For consumers who do not have an emergency cash savings fund that they can tap, they can still cope with this financial setback by setting up a budget, said David Flores, a counselor for GreenPath Debt Solutions, a non-profit credit counseling and education organization based in Farmington Hills, Mich.
Tracking both your income and your expenses, even discretionary spending for lunch or a coffee, will help you make sure you can pay your bills. Some consumers believe that if they have money left in their checking or savings account at the end of the month, they do not have to worry even though not all vendors expect payments at the same time.
"While this may work in some cases, individuals who may see a drastic cut in their income will need to prepare ahead to make sure their expenses are covered," he said. "Years ago we taught our clients to place cash each month in an envelope system for a certain expense. Nowadays, we teach the envelope system as a budgeting concept with the idea that you only spend what has been allotted. Once it's gone, you stop spending."
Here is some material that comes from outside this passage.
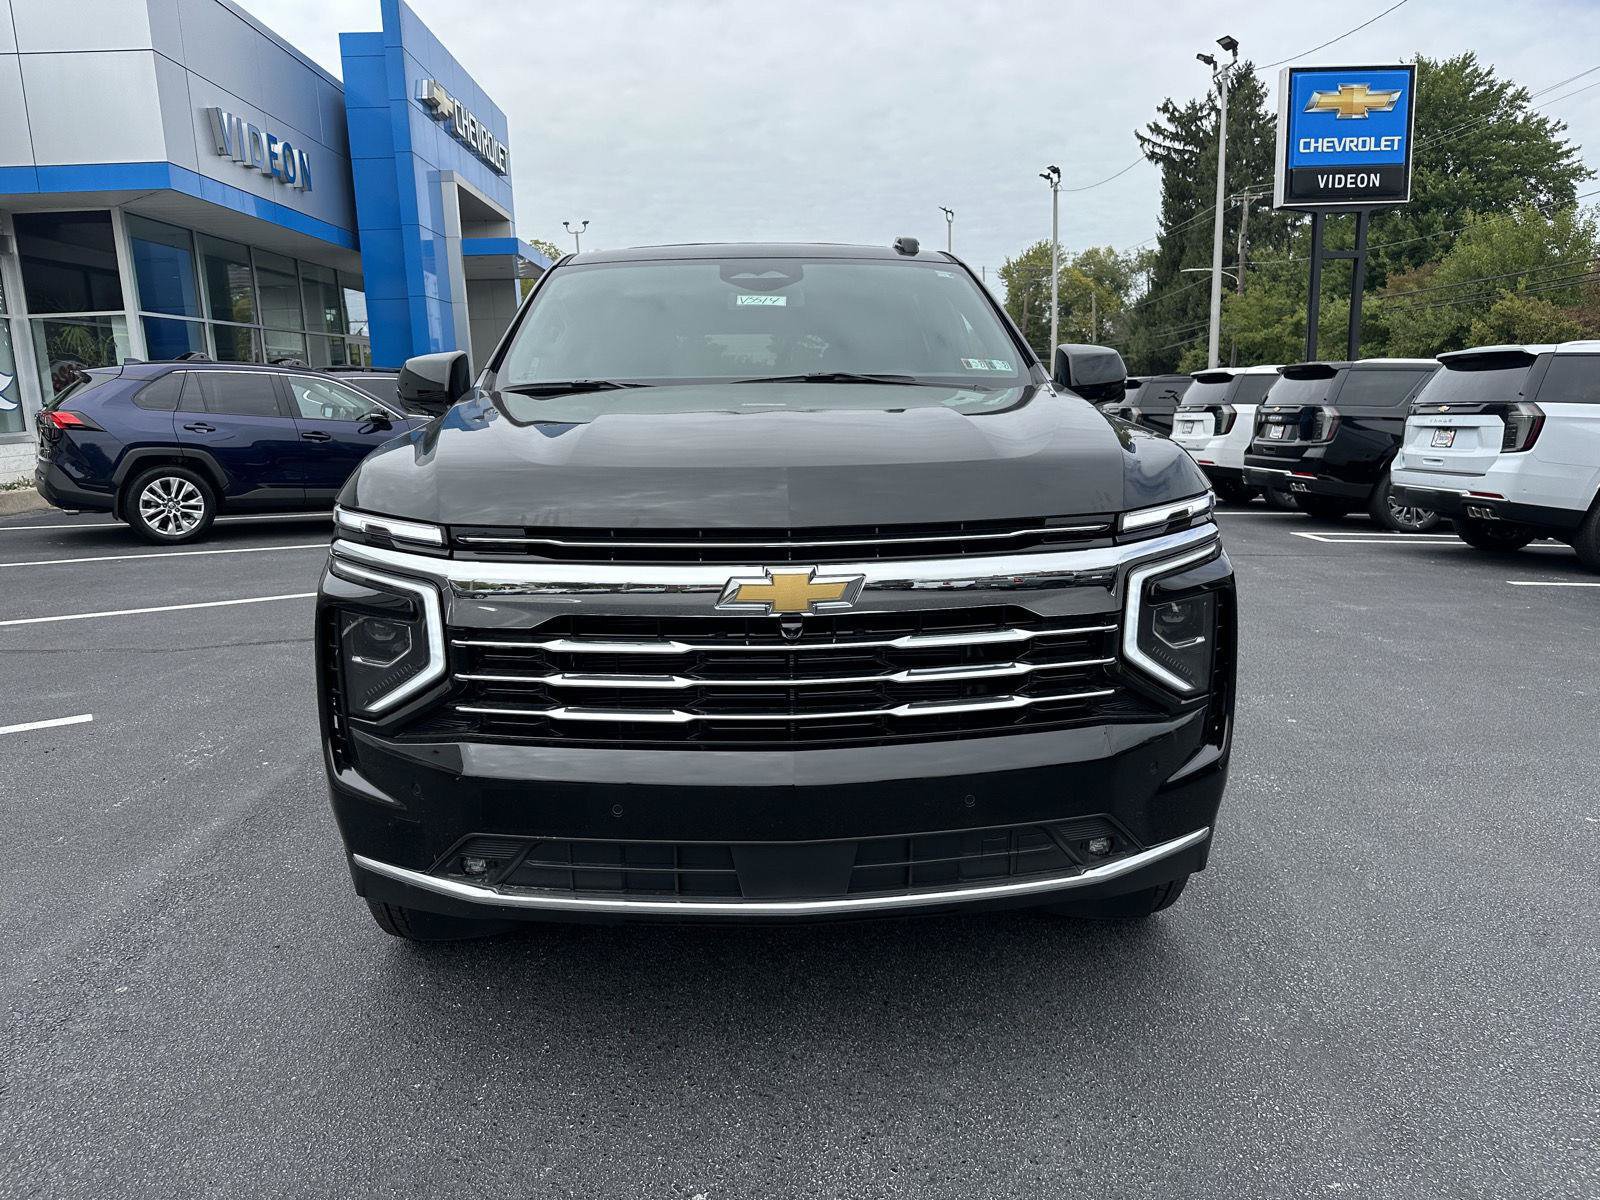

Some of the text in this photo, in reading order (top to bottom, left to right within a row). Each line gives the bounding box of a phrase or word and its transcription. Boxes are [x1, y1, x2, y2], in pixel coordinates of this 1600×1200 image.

[207, 106, 313, 192] VIDEON
[453, 97, 510, 175] CHEVROLET
[1299, 136, 1402, 153] CHEVROLET
[1317, 173, 1381, 189] VIDEON
Furloughed workers should resist the urge to put current expenses on a future credit card bill, said Jake Loescher, a financial advisor at Savant Capital Management, a fee-only wealth management firm headquartered in Rockford, Ill.
"If the shutdown lasts longer than expected, the interest accruing on a credit card balance can be difficult to keep up with once a regular paycheck begins again," he said.
Consumers should put off any "frivolous and extraneous expenses until there is more certainty around when you may get back to work," Loescher said. Instead, consumers should spend their money only on necessities such as housing, debt payments, groceries, utilities and gas.
Avoid the option of tapping into retirement assets such as IRAs, Roth IRAs or thrift savings plans, he said.
"This will help from a tax perspective, but is also important in keeping the retirement assets untapped," Loescher said. "A nest egg of safe money will be important in helping a furloughed worker get through a several day or several week government shutdown, especially when it comes to longer-term retirement planning.
Consumers can temporarily cut their cable or cell phone bill by using only the minimum services, he said.
"Trim any excess fat out of your budget," Loescher said. "Consider cooking more often, as eating out frequently can be a budgetary strain but also a strain on your health and energy level."
If you are not able to pay all your bills this month, examine them to see which ones must be paid first, said Kelley Long, a CPA for Shepard Schwartz & Harris in Chicago.